Started by Dog Botherer, June 07, 2020, 01:00:31 AM

Previous topic - Next topic

Sin Agog

Quote from: bgmnts on September 17, 2020, 09:18:47 AM
To be fair I was a Lotr kid rather than a HP kid but Lotr was escapist shit with no social consciousness (if you believe Tolkien's views on allegory). I suppose Rowling just got lucky that we are a generation of incredibly infantalised idiots, so her books for children could last much longer and inspire a rabid fanbase.

You could also argue that the original Star Wars dropped the standards of the science fiction, even before the prequels.
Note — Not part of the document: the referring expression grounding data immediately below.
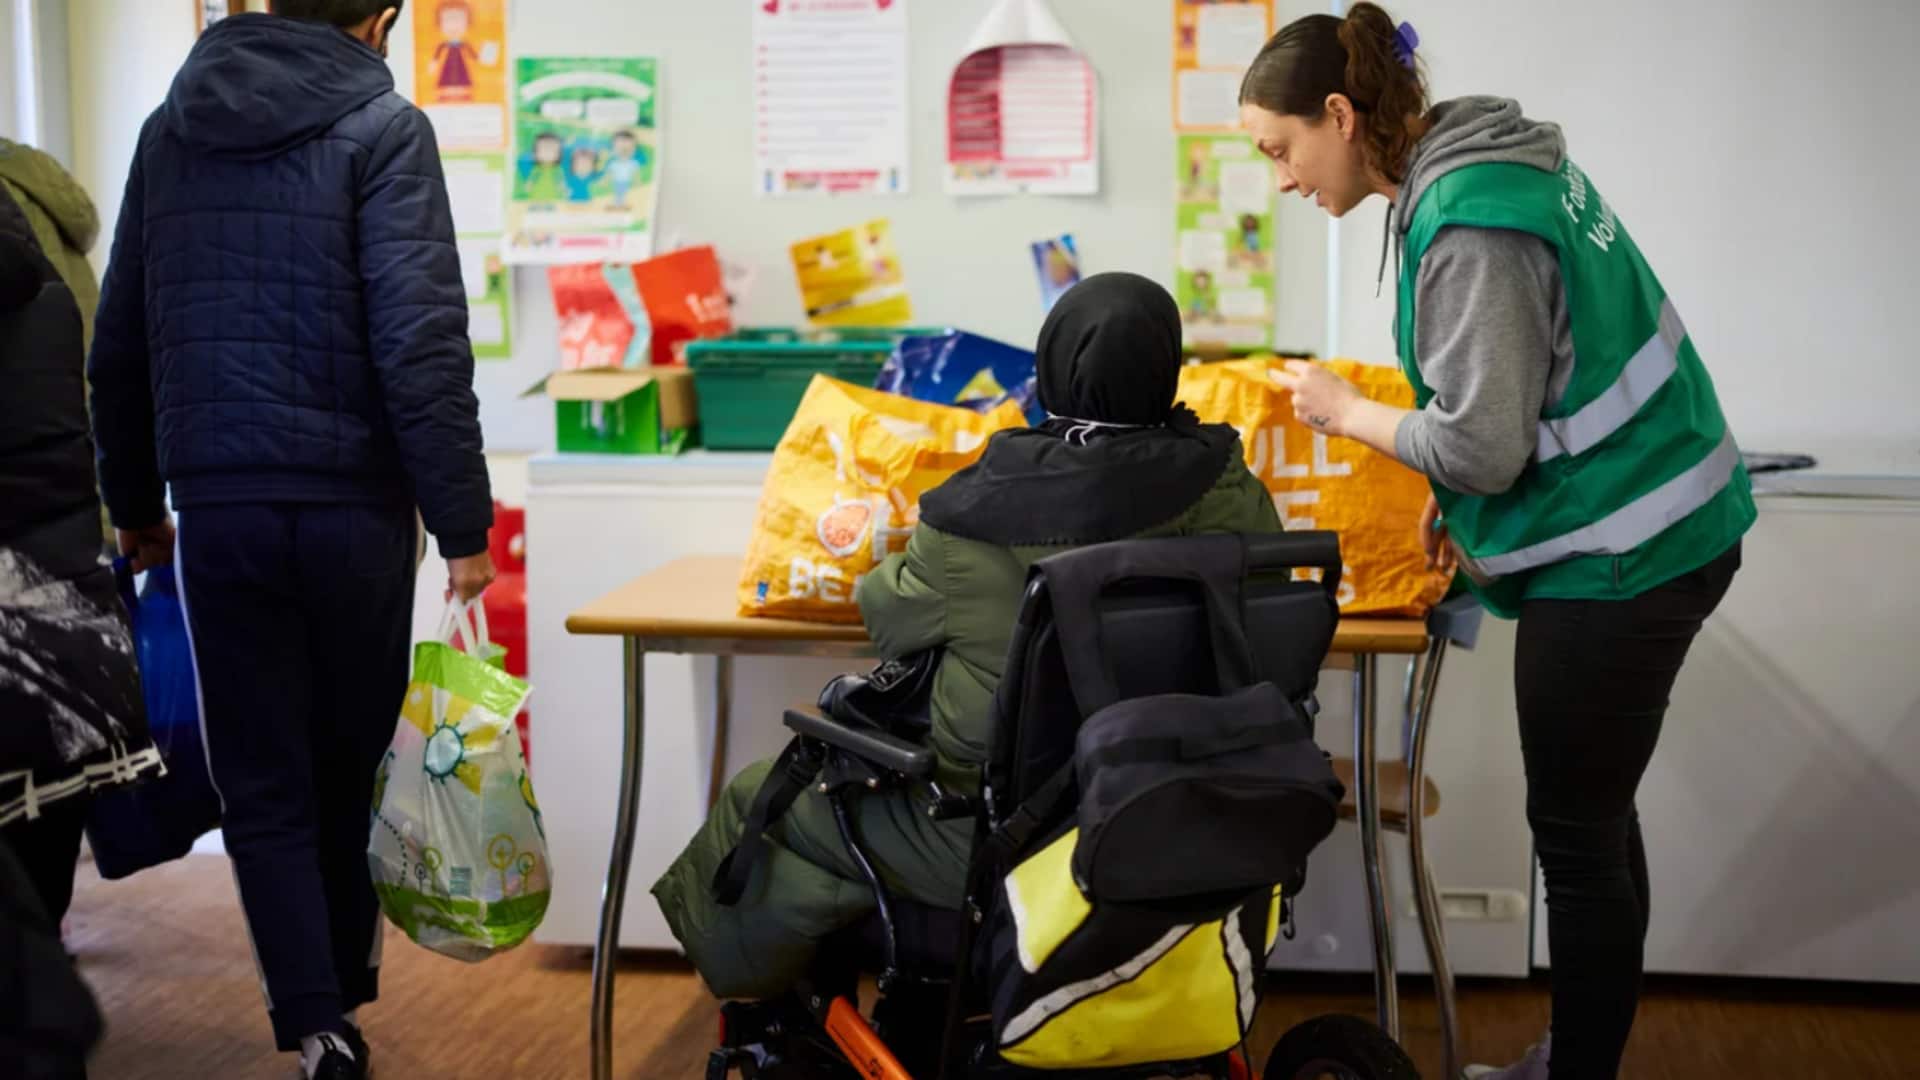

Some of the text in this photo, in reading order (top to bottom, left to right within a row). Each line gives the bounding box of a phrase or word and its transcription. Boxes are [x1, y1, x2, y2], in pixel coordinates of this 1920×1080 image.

[1561, 160, 1586, 224] Food
[1586, 207, 1617, 252] Vol
[788, 557, 862, 604] BE
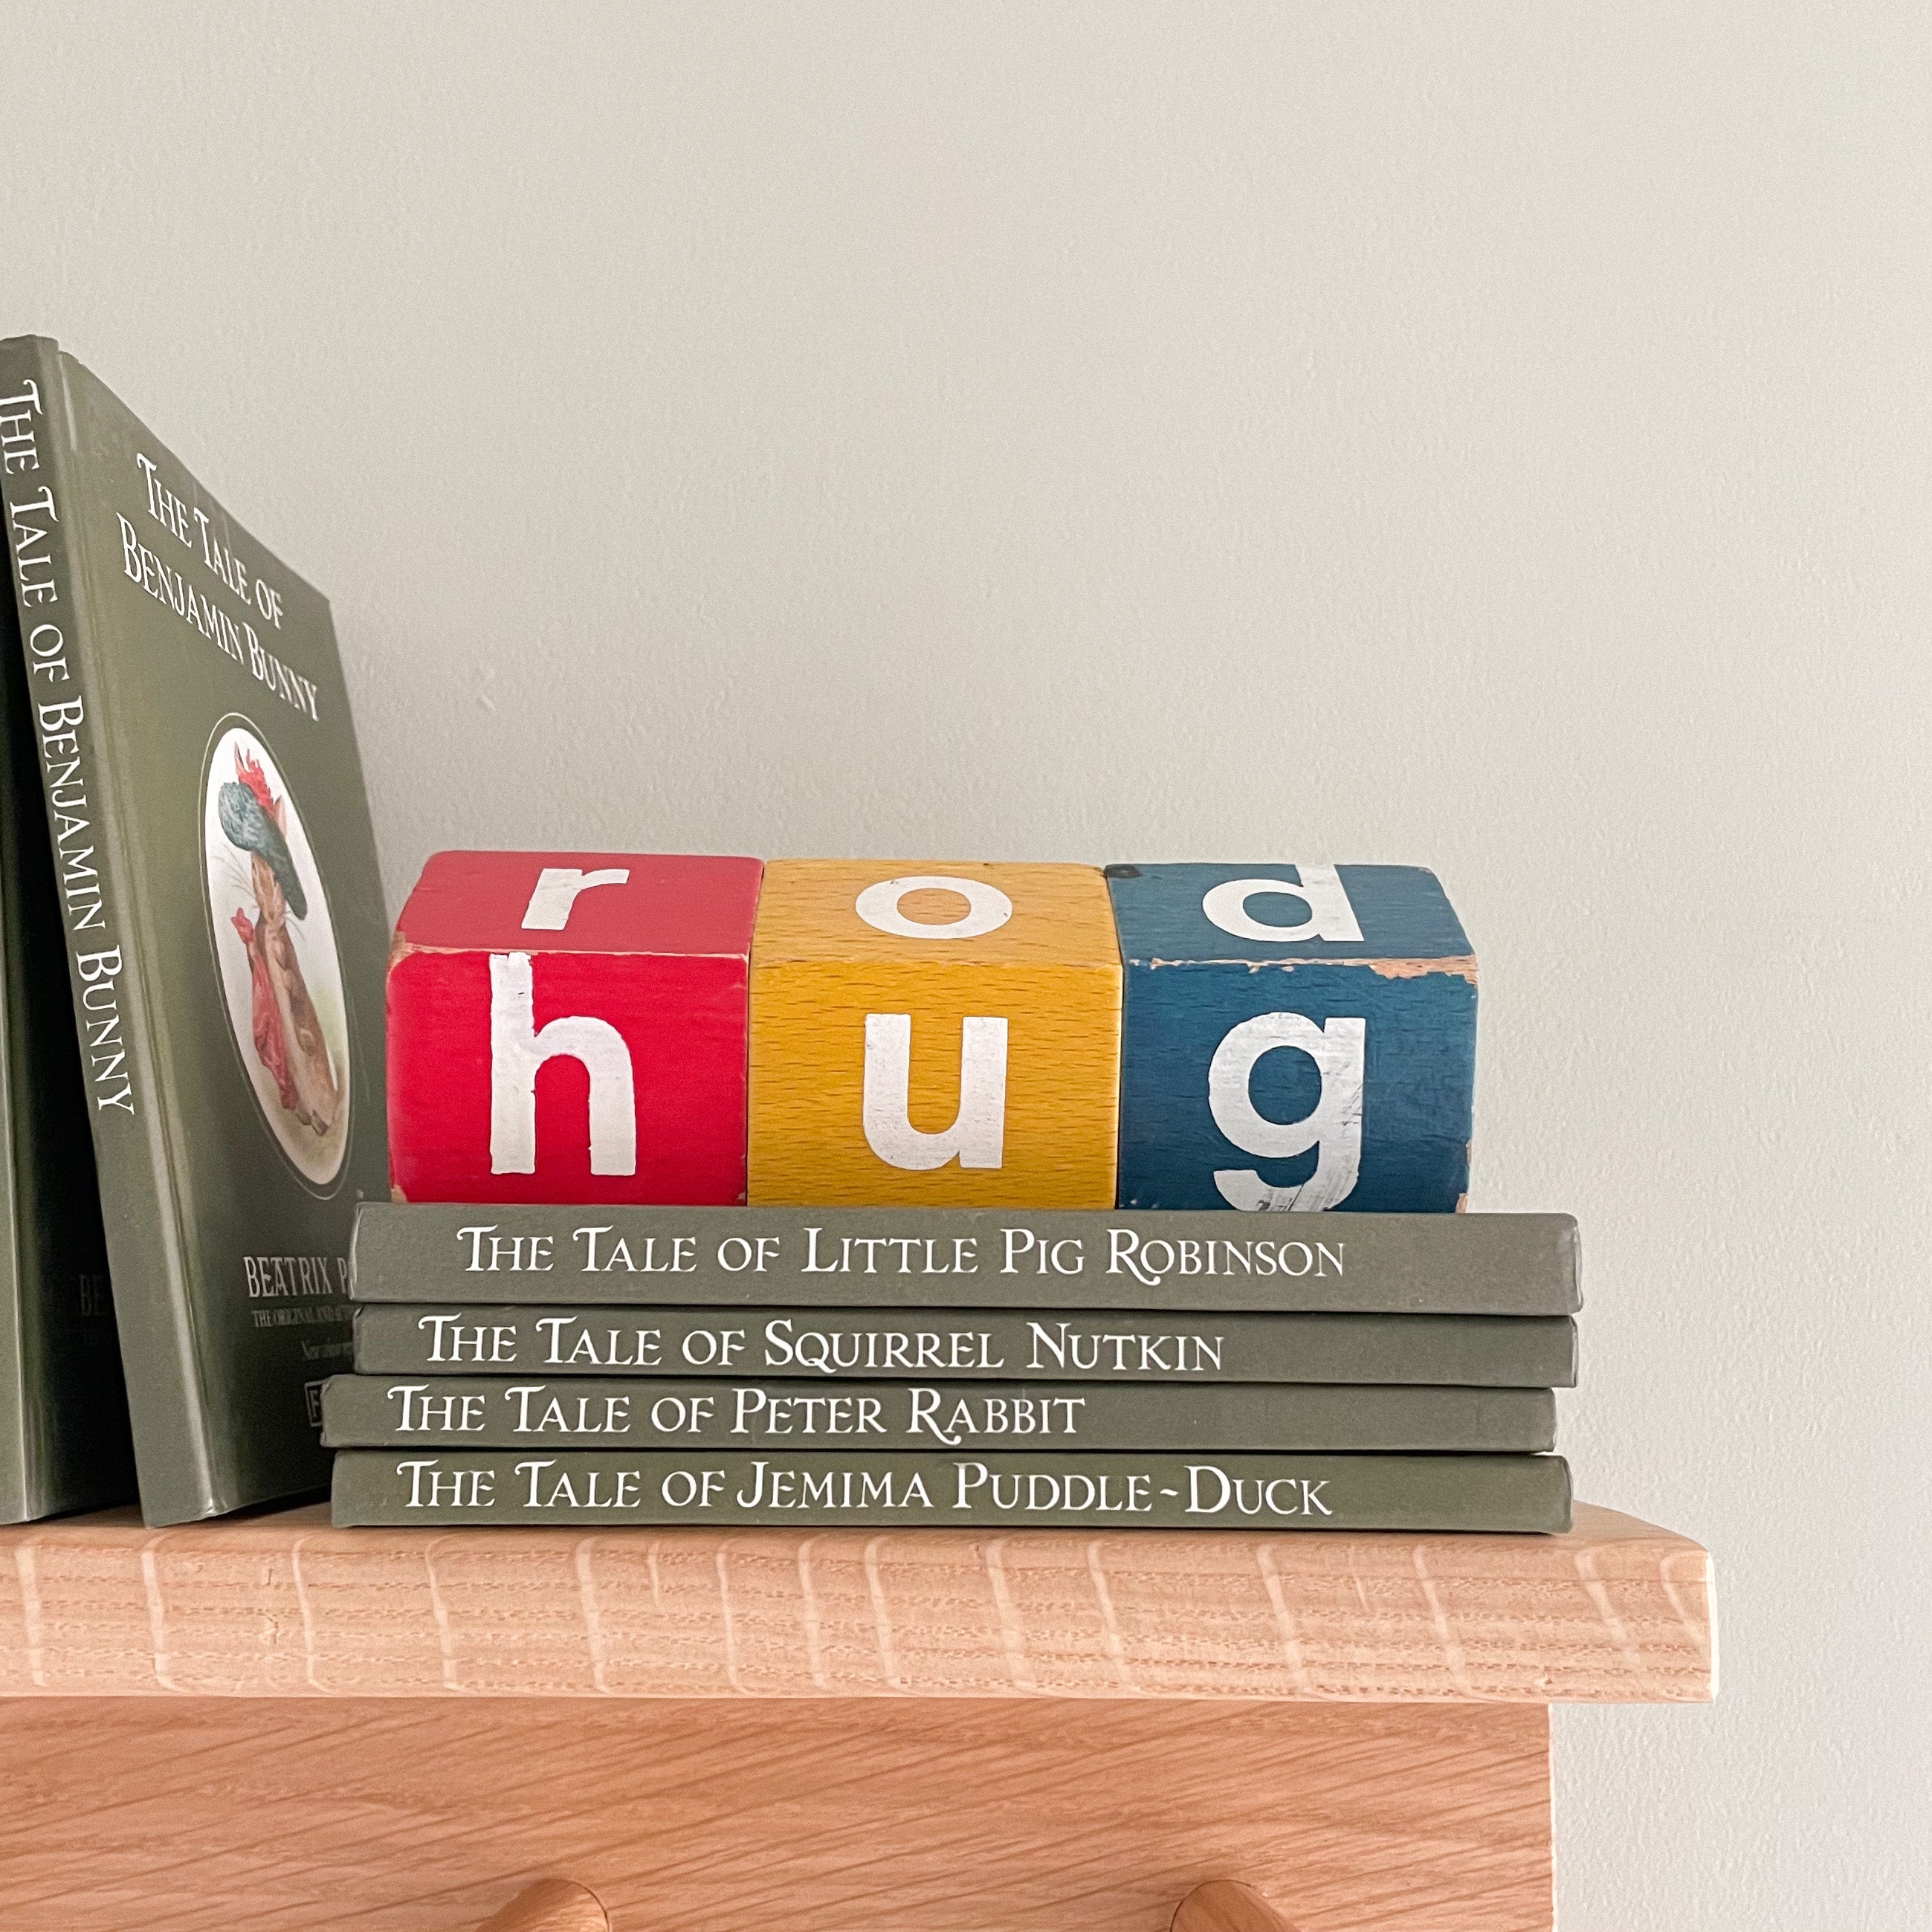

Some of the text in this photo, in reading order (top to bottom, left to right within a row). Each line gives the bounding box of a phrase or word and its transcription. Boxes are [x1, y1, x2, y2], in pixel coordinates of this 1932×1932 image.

[137, 453, 284, 630] THE TALE OF
[116, 511, 319, 722] BENJAMIN BUNNY
[0, 379, 135, 1115] THE TALE OF BENJAMIN BUNNY
[243, 1256, 333, 1297] BEATRIX
[456, 1224, 1345, 1287] THE TALE OF LITTLE PIG ROBINSON
[418, 1313, 1224, 1374] THE TALE OF SQUIRREL NUTKIN
[387, 1384, 1086, 1446] THE TALE OF PETER RABBIT
[396, 1459, 496, 1508] THE
[514, 1460, 642, 1508] TALE
[662, 1470, 726, 1508] OF
[737, 1461, 934, 1509] JEMIMA
I don't love LOTR, but as someone who reads a lot of old Viking sagas, Victorian fantasy, origin myths and shit like that, I keep on stumbling across things that must have lit Tolkien's imagination right up.  It all adds to making that world feel rich and lived in, plus leaving any reader who wants it with a bibliography of sources that could get 'em by for years.  Comparatively, Harry Potter is pretty fucking anaemic.

greenman

Quote from: bgmnts on September 17, 2020, 09:18:47 AM
To be fair I was a Lotr kid rather than a HP kid but Lotr was escapist shit with no social consciousness (if you believe Tolkien's views on allegory). I suppose Rowling just got lucky that we are a generation of incredibly infantalised idiots, so her books for children could last much longer and inspire a rabid fanbase.

You could also argue that the original Star Wars dropped the standards of the science fiction, even before the prequels.

I wouldnt say a lack of direct allegory means a lack of social consciousness, if anything the reverse that cheap allegory in things like potter covers a lack of it. I mean with LOTR or Starwars you could at least point to a pretty clear moral message on forgiveness, not sure what the real message of potter was beyond good defeats evil via contrived plotting.

dead-ced-dead

Quote from: Brundle-Fly on September 17, 2020, 10:09:25 AM
I chose Lennon as the other example because I read a 'what would they be doing now if they hadn't died young' piece about ten years ago and the writer suggested that Lennon would have really embraced social media.  Yeah, he was very flawed and long before accusations of spitefulness and anti-semitism he would have been cancelled for pulling 'mong' faces in the sixties.  John would double down by writing a song called All We Need Is Kindness. Who knows? Maybe he'd changed for the better after spending six months in hospital recovering from getting shot in 1980?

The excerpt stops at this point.